# AIM OF THE EXERCISE:
The records below should be written out again, exactly.

# Collected data:
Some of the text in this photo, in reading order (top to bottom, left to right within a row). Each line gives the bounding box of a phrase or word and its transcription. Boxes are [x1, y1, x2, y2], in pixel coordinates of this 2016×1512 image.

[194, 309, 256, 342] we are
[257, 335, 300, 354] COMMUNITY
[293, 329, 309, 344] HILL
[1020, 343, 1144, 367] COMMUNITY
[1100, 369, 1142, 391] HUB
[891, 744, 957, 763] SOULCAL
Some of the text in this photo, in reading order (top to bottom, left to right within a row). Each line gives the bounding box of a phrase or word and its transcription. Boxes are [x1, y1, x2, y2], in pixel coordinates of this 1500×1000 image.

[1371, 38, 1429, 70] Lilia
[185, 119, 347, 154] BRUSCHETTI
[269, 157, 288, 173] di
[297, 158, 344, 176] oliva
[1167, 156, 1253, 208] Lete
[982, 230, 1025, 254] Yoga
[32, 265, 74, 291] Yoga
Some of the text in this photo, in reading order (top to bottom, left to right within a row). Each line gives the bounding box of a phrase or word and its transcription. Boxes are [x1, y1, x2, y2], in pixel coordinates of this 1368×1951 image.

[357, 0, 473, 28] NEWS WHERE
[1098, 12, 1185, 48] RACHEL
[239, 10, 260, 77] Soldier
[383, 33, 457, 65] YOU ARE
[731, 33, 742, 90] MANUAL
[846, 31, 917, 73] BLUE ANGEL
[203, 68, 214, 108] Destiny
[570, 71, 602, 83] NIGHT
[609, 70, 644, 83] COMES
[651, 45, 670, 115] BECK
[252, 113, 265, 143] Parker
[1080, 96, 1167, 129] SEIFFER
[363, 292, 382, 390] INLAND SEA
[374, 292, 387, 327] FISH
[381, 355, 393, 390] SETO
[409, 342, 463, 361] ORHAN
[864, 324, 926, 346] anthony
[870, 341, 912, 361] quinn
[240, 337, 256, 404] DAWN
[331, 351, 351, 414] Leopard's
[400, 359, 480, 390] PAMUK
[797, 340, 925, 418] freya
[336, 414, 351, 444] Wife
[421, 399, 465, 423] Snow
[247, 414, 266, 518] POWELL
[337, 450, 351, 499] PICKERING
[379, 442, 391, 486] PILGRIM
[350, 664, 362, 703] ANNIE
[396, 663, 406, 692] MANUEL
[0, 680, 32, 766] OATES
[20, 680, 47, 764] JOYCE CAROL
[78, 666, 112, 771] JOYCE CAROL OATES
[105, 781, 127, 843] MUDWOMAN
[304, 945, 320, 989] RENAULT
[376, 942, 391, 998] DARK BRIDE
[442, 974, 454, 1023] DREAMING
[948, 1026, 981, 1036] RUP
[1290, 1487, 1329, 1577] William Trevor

# RESPONSE AREA:
Some of the text in this photo, in reading order (top to bottom, left to right within a row). Each line gives the bounding box of a phrase or word and its transcription. Boxes are [x1, y1, x2, y2], in pixel coordinates of this 2016×1512 image.

[194, 309, 256, 342] we are
[257, 335, 300, 354] COMMUNITY
[293, 329, 309, 344] HILL
[1020, 343, 1144, 367] COMMUNITY
[1100, 369, 1142, 391] HUB
[891, 744, 957, 763] SOULCAL
Some of the text in this photo, in reading order (top to bottom, left to right within a row). Each line gives the bounding box of a phrase or word and its transcription. Boxes are [x1, y1, x2, y2], in pixel coordinates of this 1500×1000 image.

[1371, 38, 1429, 70] Lilia
[185, 119, 347, 154] BRUSCHETTI
[269, 157, 288, 173] di
[297, 158, 344, 176] oliva
[1167, 156, 1253, 208] Lete
[982, 230, 1025, 254] Yoga
[32, 265, 74, 291] Yoga
Some of the text in this photo, in reading order (top to bottom, left to right within a row). Each line gives the bounding box of a phrase or word and its transcription. Boxes are [x1, y1, x2, y2], in pixel coordinates of this 1368×1951 image.

[357, 0, 473, 28] NEWS WHERE
[1098, 12, 1185, 48] RACHEL
[239, 10, 260, 77] Soldier
[383, 33, 457, 65] YOU ARE
[731, 33, 742, 90] MANUAL
[846, 31, 917, 73] BLUE ANGEL
[203, 68, 214, 108] Destiny
[570, 71, 602, 83] NIGHT
[609, 70, 644, 83] COMES
[651, 45, 670, 115] BECK
[252, 113, 265, 143] Parker
[1080, 96, 1167, 129] SEIFFER
[363, 292, 382, 390] INLAND SEA
[374, 292, 387, 327] FISH
[381, 355, 393, 390] SETO
[409, 342, 463, 361] ORHAN
[864, 324, 926, 346] anthony
[870, 341, 912, 361] quinn
[240, 337, 256, 404] DAWN
[331, 351, 351, 414] Leopard's
[400, 359, 480, 390] PAMUK
[797, 340, 925, 418] freya
[336, 414, 351, 444] Wife
[421, 399, 465, 423] Snow
[247, 414, 266, 518] POWELL
[337, 450, 351, 499] PICKERING
[379, 442, 391, 486] PILGRIM
[350, 664, 362, 703] ANNIE
[396, 663, 406, 692] MANUEL
[0, 680, 32, 766] OATES
[20, 680, 47, 764] JOYCE CAROL
[78, 666, 112, 771] JOYCE CAROL OATES
[105, 781, 127, 843] MUDWOMAN
[304, 945, 320, 989] RENAULT
[376, 942, 391, 998] DARK BRIDE
[442, 974, 454, 1023] DREAMING
[948, 1026, 981, 1036] RUP
[1290, 1487, 1329, 1577] William Trevor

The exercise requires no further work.